* Work item
The reply should hold every line of the data below, unchanged, and none of the pictures.

[Image-backed grounding data]
=== Section Start ===
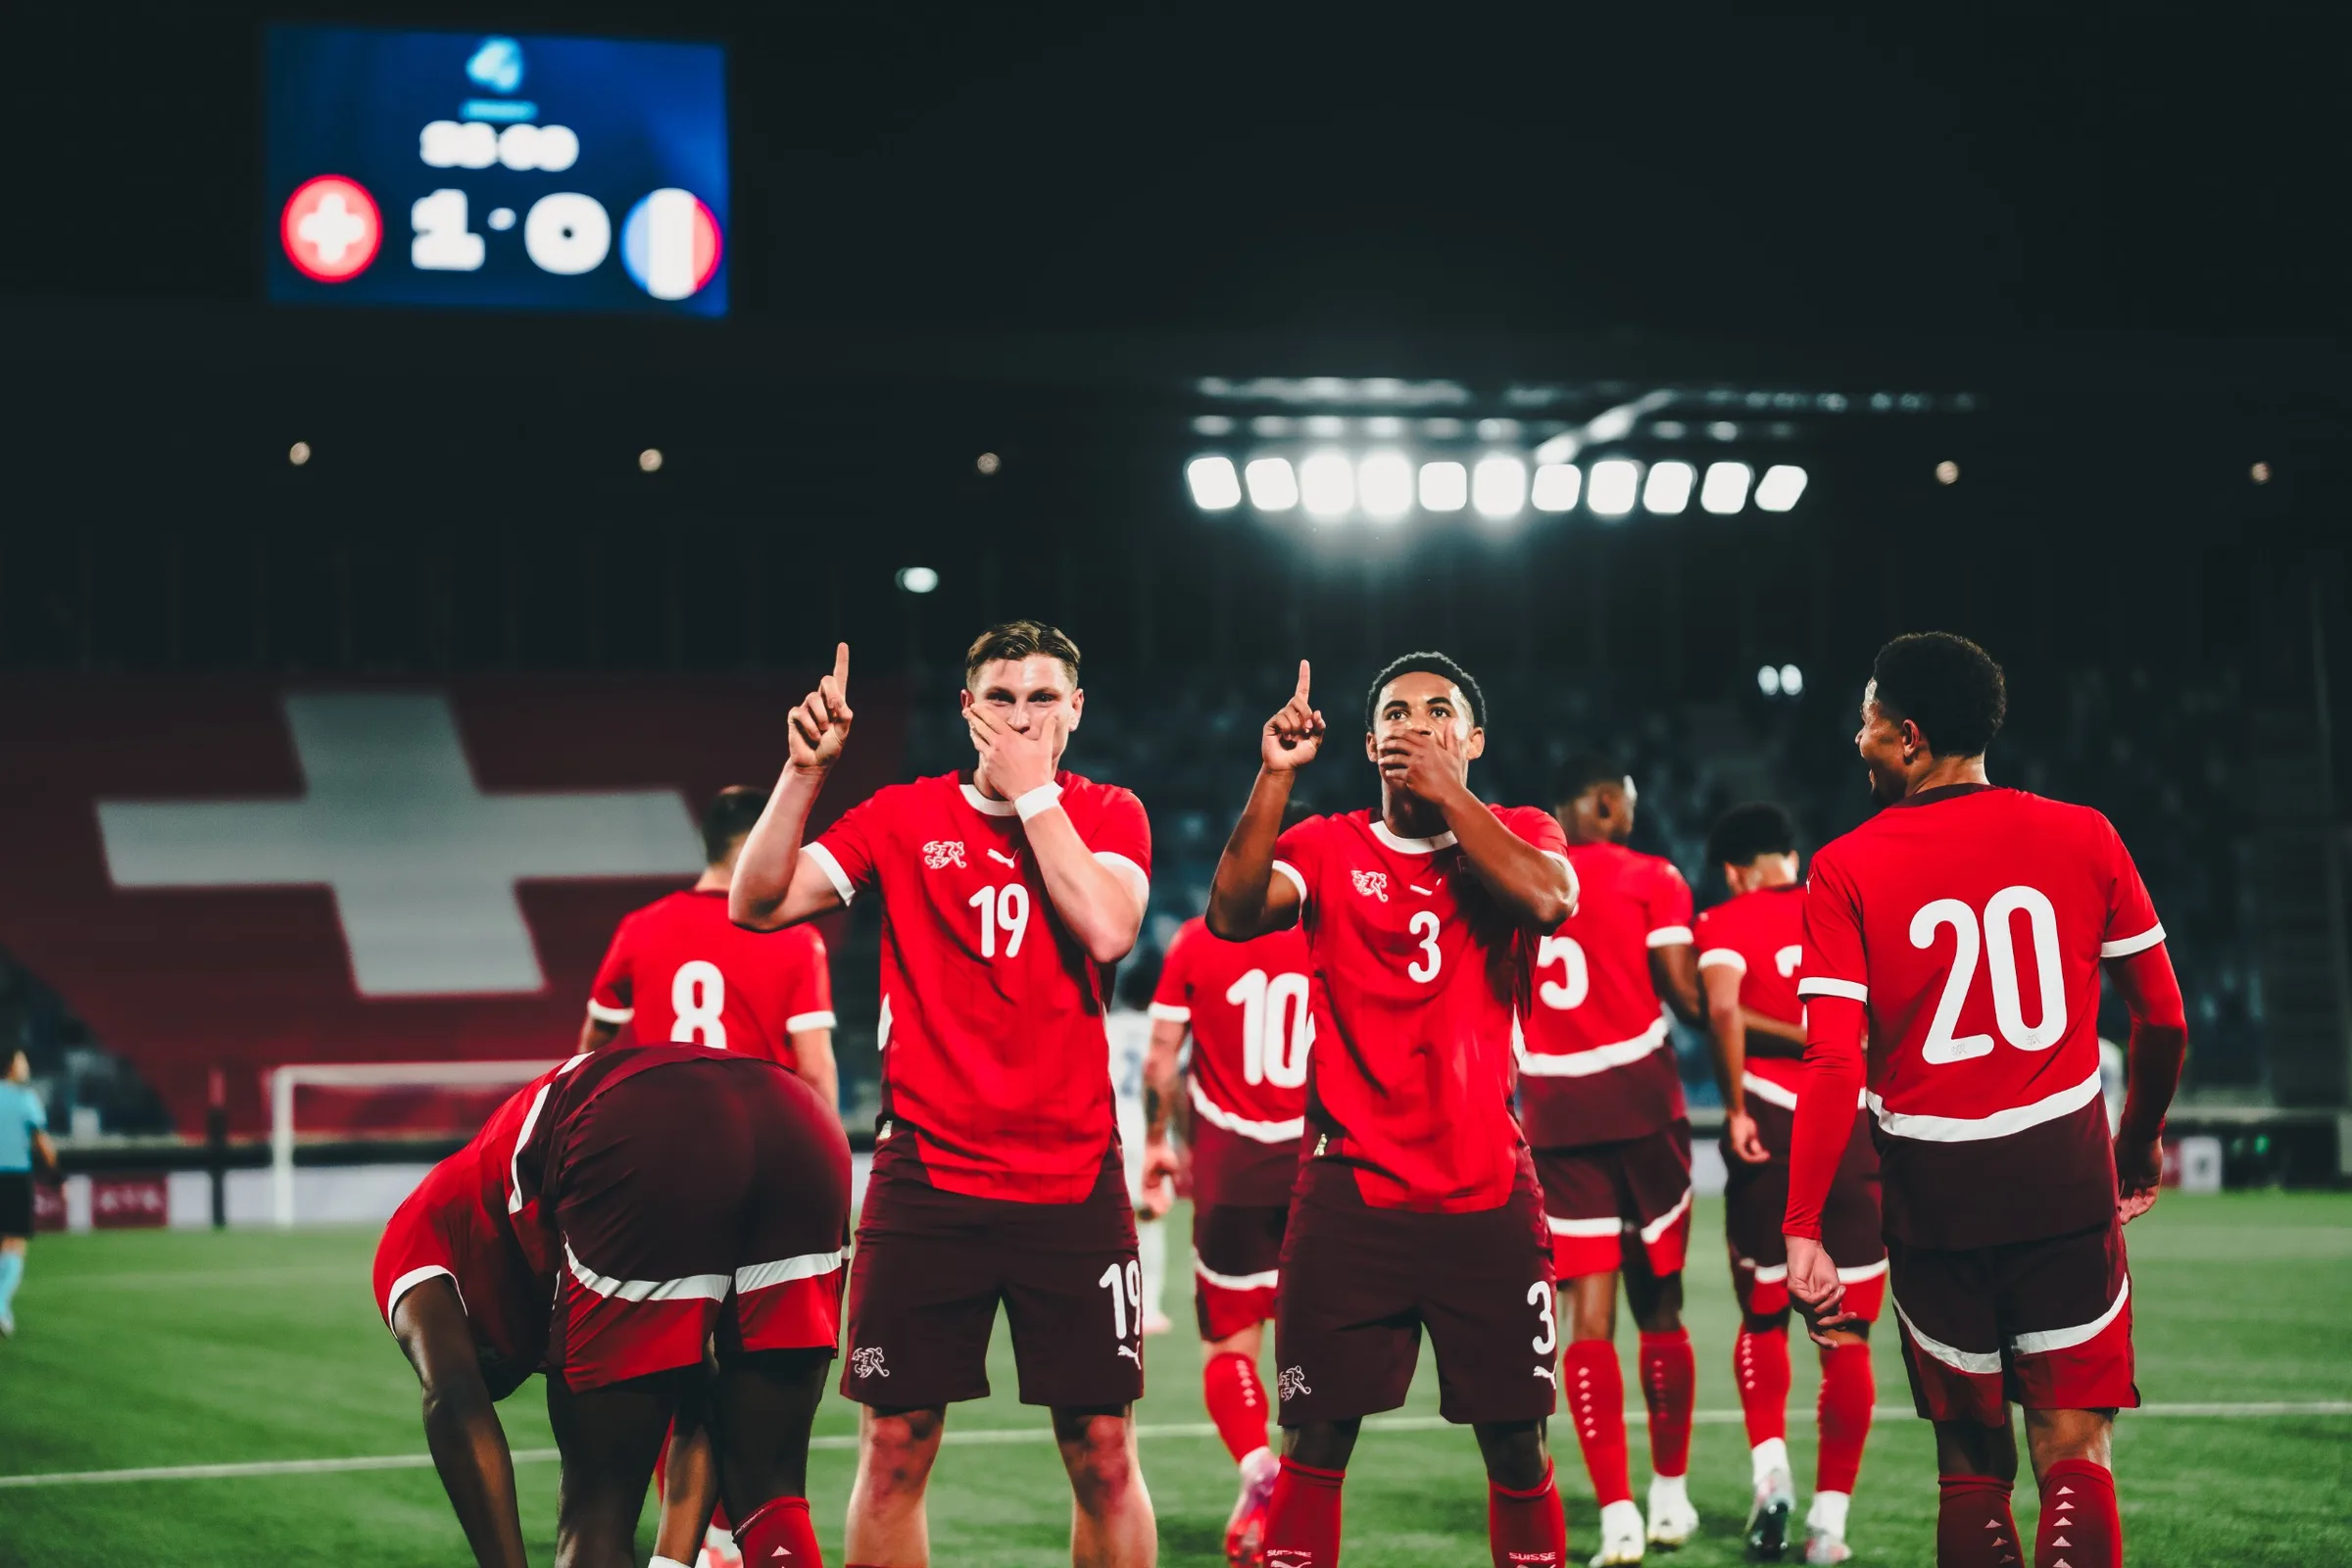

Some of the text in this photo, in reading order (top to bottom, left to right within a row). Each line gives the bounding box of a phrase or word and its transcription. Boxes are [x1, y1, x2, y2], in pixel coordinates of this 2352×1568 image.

[968, 883, 1030, 957] 19
[1407, 910, 1442, 983] 3
[669, 959, 727, 1050] 8
[1537, 935, 1589, 1010] 5
[1909, 885, 2068, 1064] 20
[1225, 967, 1309, 1089] 10
[1099, 1259, 1141, 1340] 19
[1527, 1280, 1556, 1355] 3
[1508, 1551, 1556, 1561] SUISSE
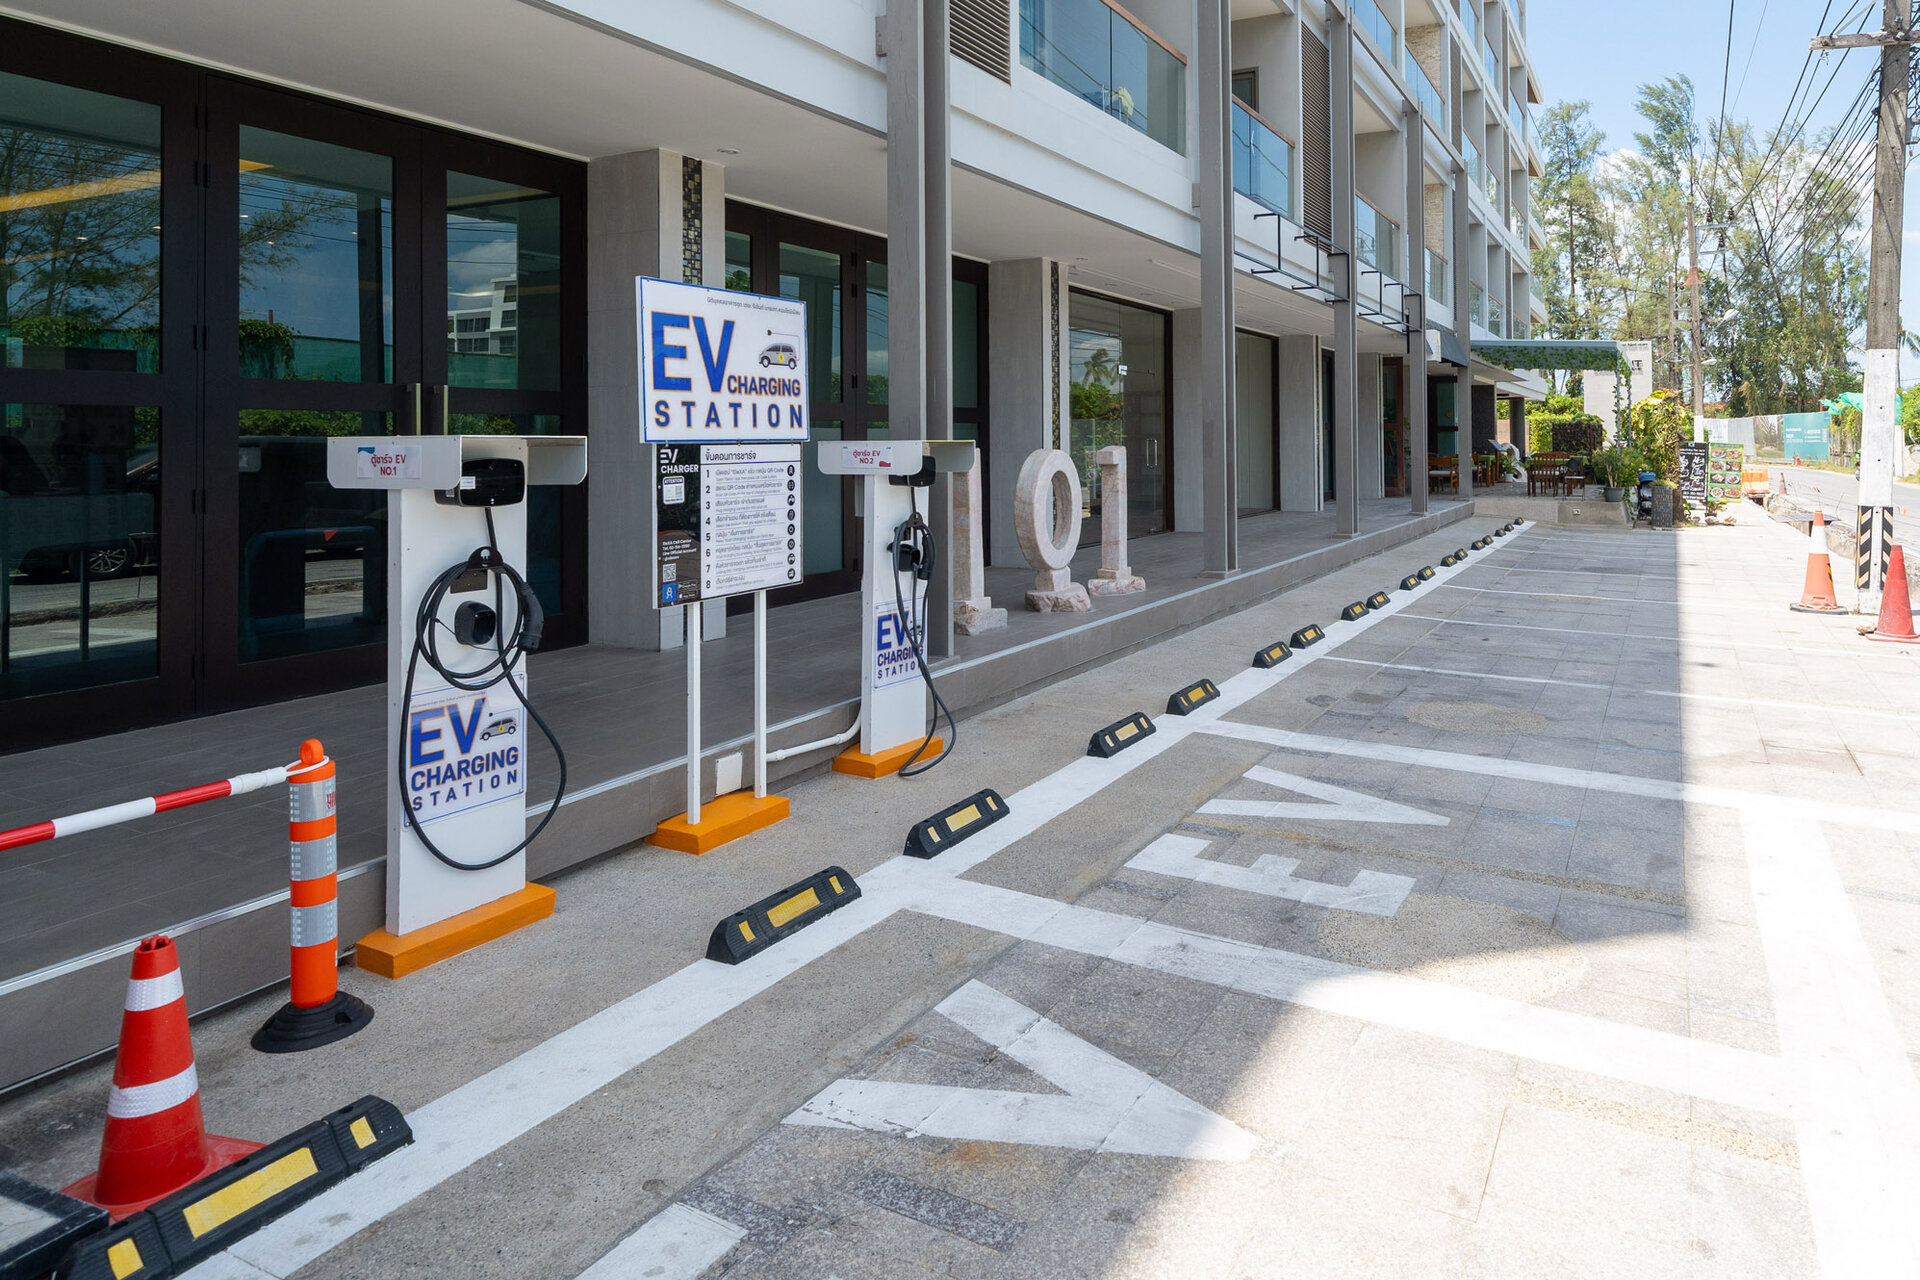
=== Section End ===
* Response below
Some of the text in this photo, in reading order (top to bottom, left to right within a row). Each line gives the bounding box of a phrase or word and its transcription. Boxes are [x1, y1, x2, y2], in pixel coordinates of this 2352×1568 image.

[968, 883, 1030, 957] 19
[1407, 910, 1442, 983] 3
[669, 959, 727, 1050] 8
[1537, 935, 1589, 1010] 5
[1909, 885, 2068, 1064] 20
[1225, 967, 1309, 1089] 10
[1099, 1259, 1141, 1340] 19
[1527, 1280, 1556, 1355] 3
[1508, 1551, 1556, 1561] SUISSE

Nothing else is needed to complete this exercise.